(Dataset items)
* * *

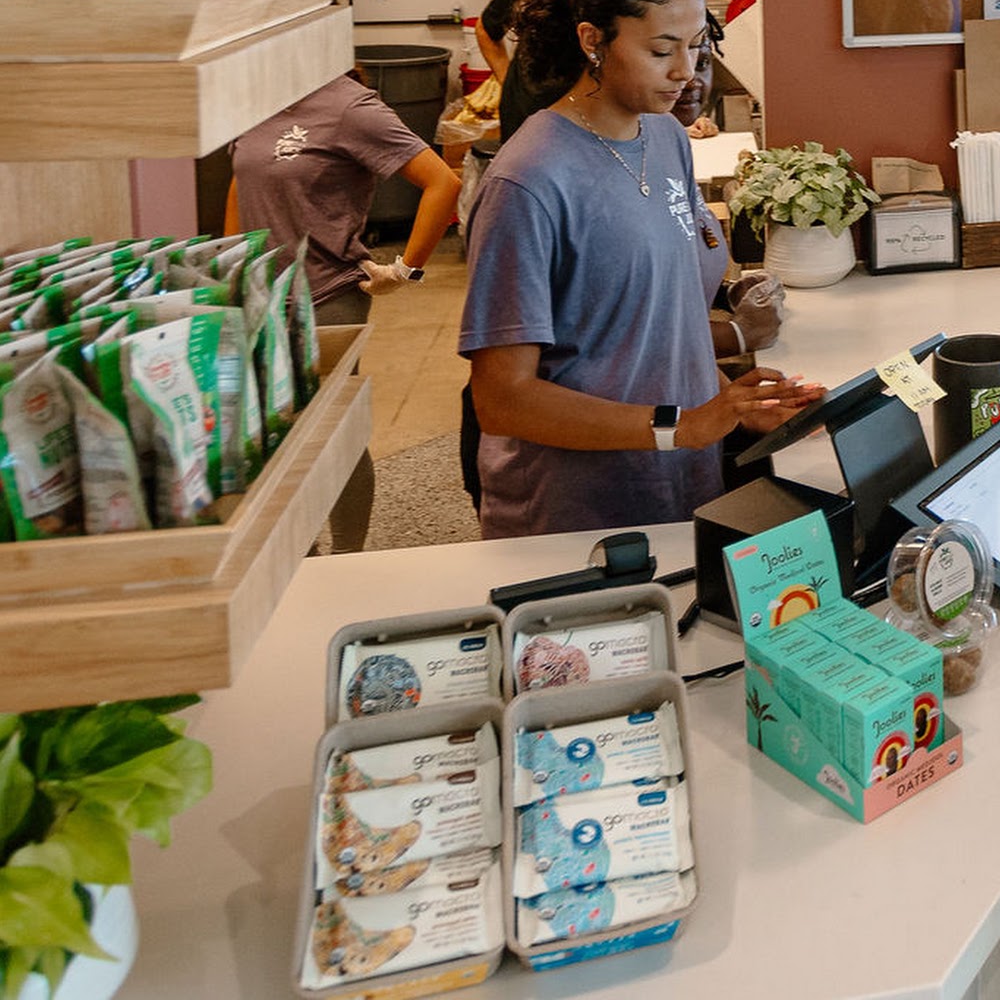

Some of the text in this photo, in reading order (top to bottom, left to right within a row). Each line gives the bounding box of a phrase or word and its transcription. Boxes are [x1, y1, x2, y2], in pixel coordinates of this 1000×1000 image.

[761, 545, 803, 575] Joolies
[588, 635, 647, 657] gomacro
[427, 655, 488, 677] gomacro
[872, 708, 908, 739] Joolies
[596, 725, 659, 748] gomacro
[896, 765, 935, 799] DATES
[604, 807, 670, 831] gomacro

* * *

§ PROBLEM DETAILS:
Write every line of the data out again exactly, leaving out all images.

§ YOUR SOLUTION:
Some of the text in this photo, in reading order (top to bottom, left to right within a row). Each line gives the bounding box of a phrase or word and its transcription. Boxes are [x1, y1, x2, y2], in pixel coordinates of this 1000×1000 image.

[761, 545, 803, 575] Joolies
[588, 635, 647, 657] gomacro
[427, 655, 488, 677] gomacro
[872, 708, 908, 739] Joolies
[596, 725, 659, 748] gomacro
[896, 765, 935, 799] DATES
[604, 807, 670, 831] gomacro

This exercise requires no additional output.